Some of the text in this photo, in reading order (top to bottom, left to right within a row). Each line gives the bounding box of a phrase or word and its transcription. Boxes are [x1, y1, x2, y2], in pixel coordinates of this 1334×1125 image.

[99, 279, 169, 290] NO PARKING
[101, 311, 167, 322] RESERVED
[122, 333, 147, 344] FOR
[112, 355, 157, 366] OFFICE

****************************************

§ Task description: Could you reproduce every line of the listing exactly?

§ Output below:
Some of the text in this photo, in reading order (top to bottom, left to right within a row). Each line gives the bounding box of a phrase or word and its transcription. Boxes are [x1, y1, x2, y2], in pixel coordinates of this 1334×1125 image.

[99, 279, 169, 290] NO PARKING
[101, 311, 167, 322] RESERVED
[122, 333, 147, 344] FOR
[112, 355, 157, 366] OFFICE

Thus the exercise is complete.